ACTIVITY: Set every record down again exactly. Do not carry over the pictures.

----- RECORDS FOR THIS TASK

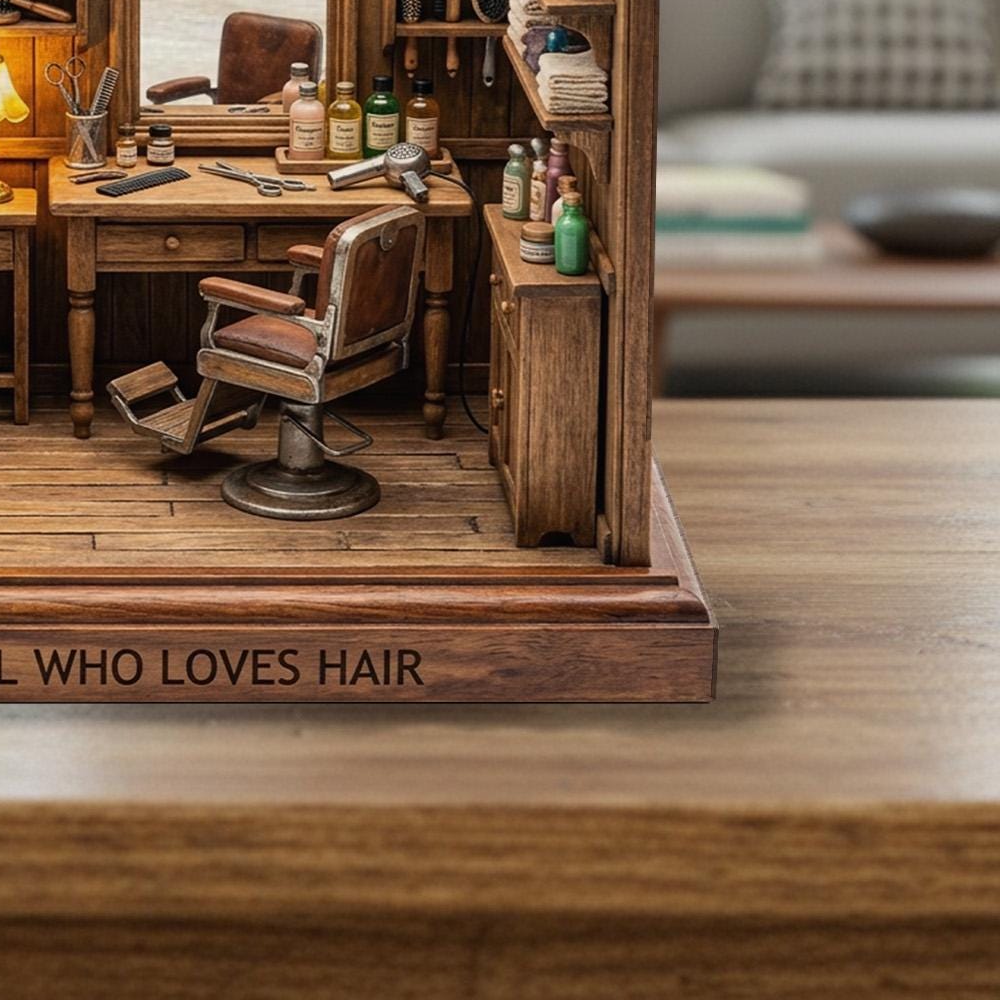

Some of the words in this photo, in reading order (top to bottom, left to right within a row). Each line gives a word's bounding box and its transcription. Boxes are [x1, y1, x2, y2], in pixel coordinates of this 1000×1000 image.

[34, 648, 144, 686] WHO
[162, 648, 301, 686] LOVES
[318, 649, 424, 686] HAIR
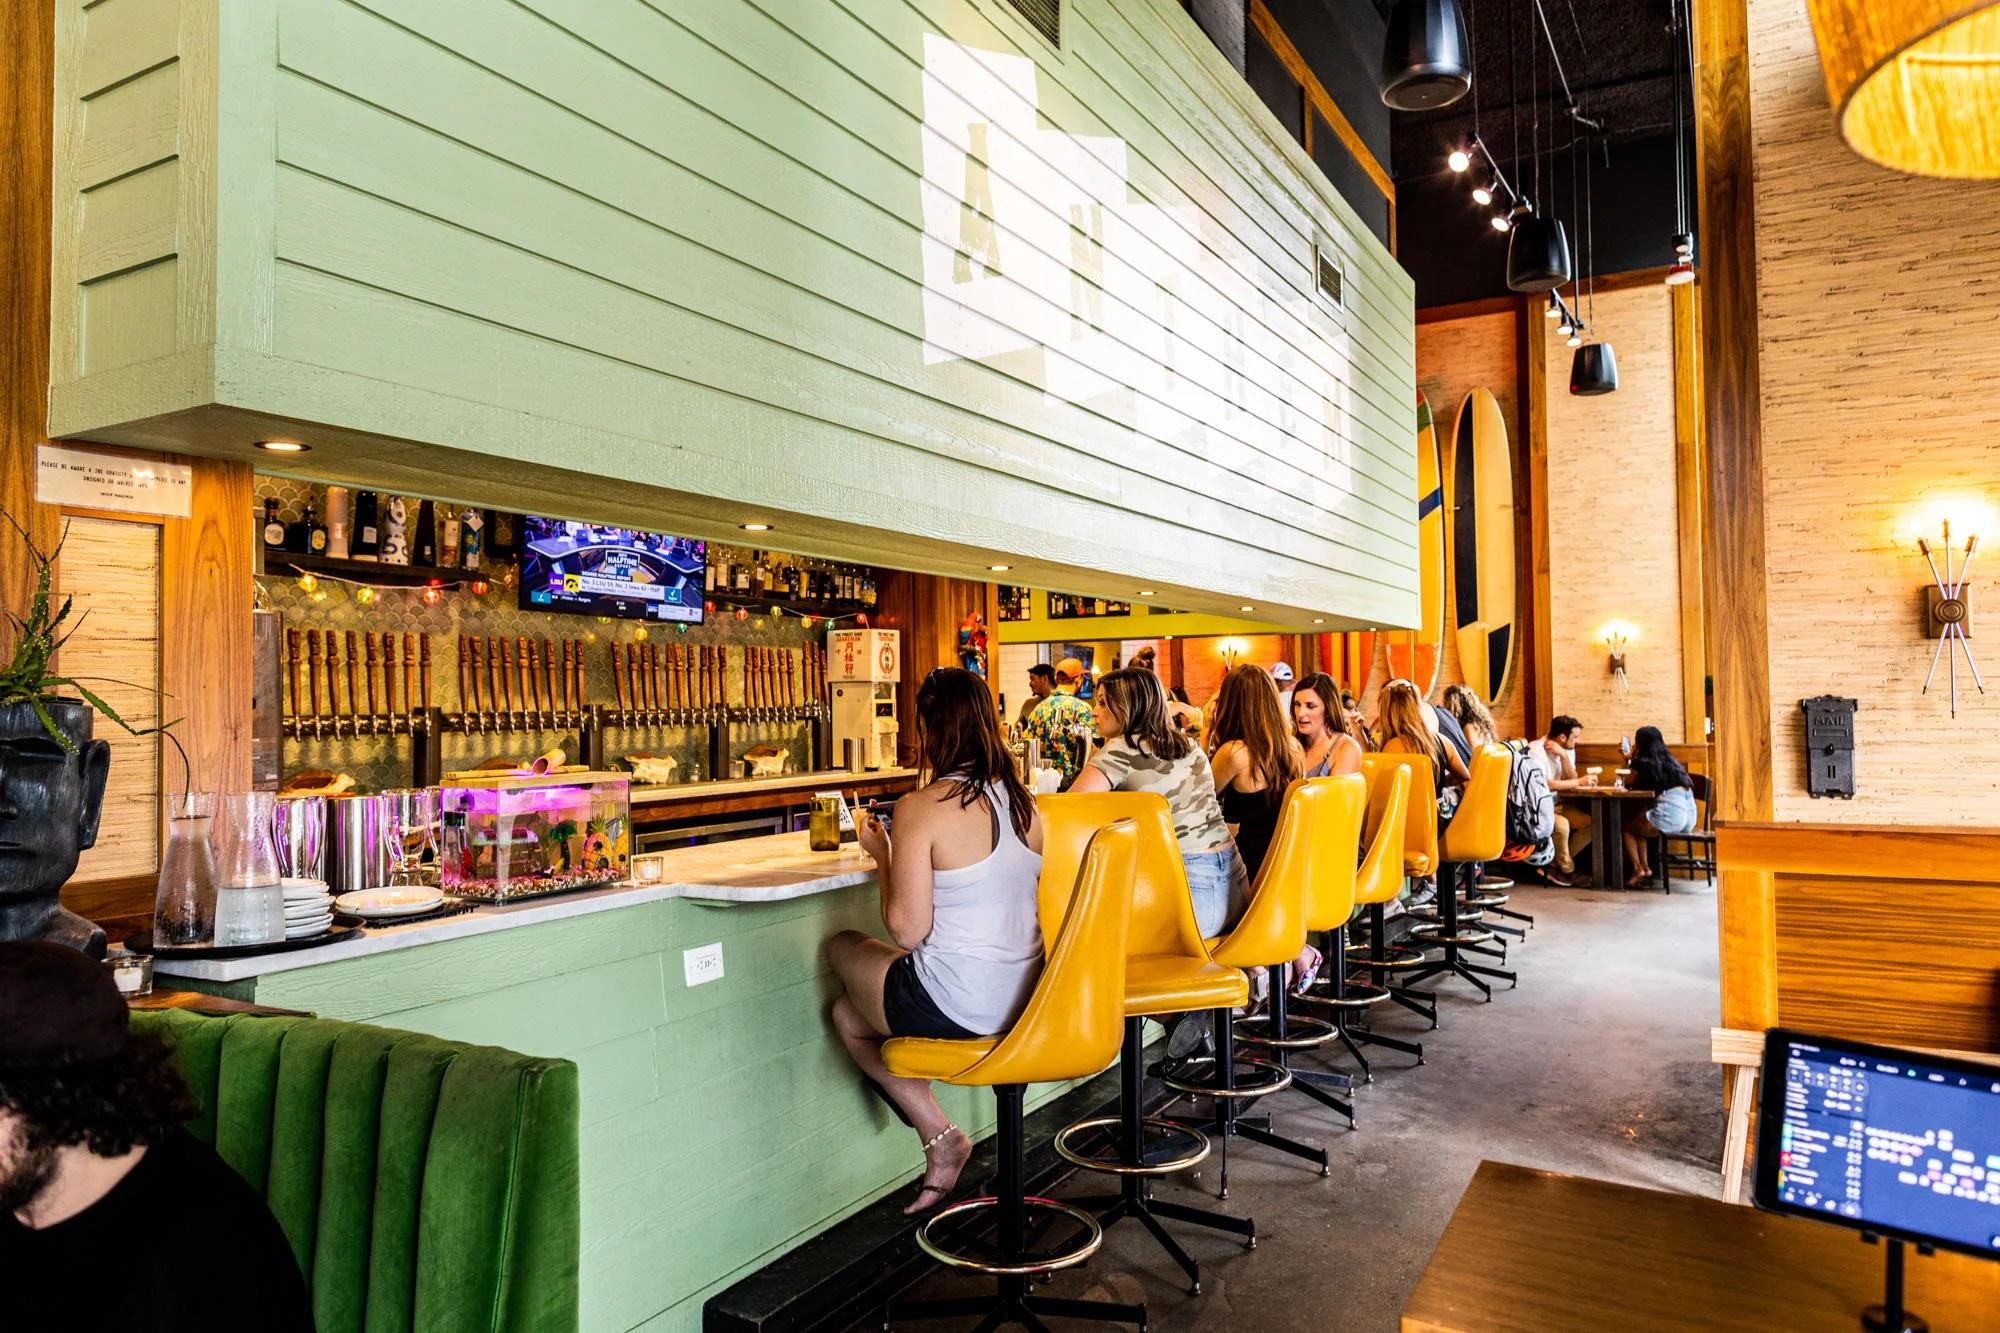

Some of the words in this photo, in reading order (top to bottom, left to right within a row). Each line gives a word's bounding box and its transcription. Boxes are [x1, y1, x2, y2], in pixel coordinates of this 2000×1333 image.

----------

RESULT FOR THIS EXERCISE:
Some of the words in this photo, in reading order (top to bottom, left to right within a row). Each line gives a word's bounding box and its transcription. Boxes are [x1, y1, x2, y2], in pixel coordinates of this 1000×1000 image.

[34, 648, 144, 686] WHO
[162, 648, 301, 686] LOVES
[318, 649, 424, 686] HAIR

Some of the words in this photo, in reading order (top to bottom, left to right within a row). Each line gives a word's bounding box and its transcription. Boxes are [x1, y1, x2, y2], in pixel coordinates of this 2000×1333 image.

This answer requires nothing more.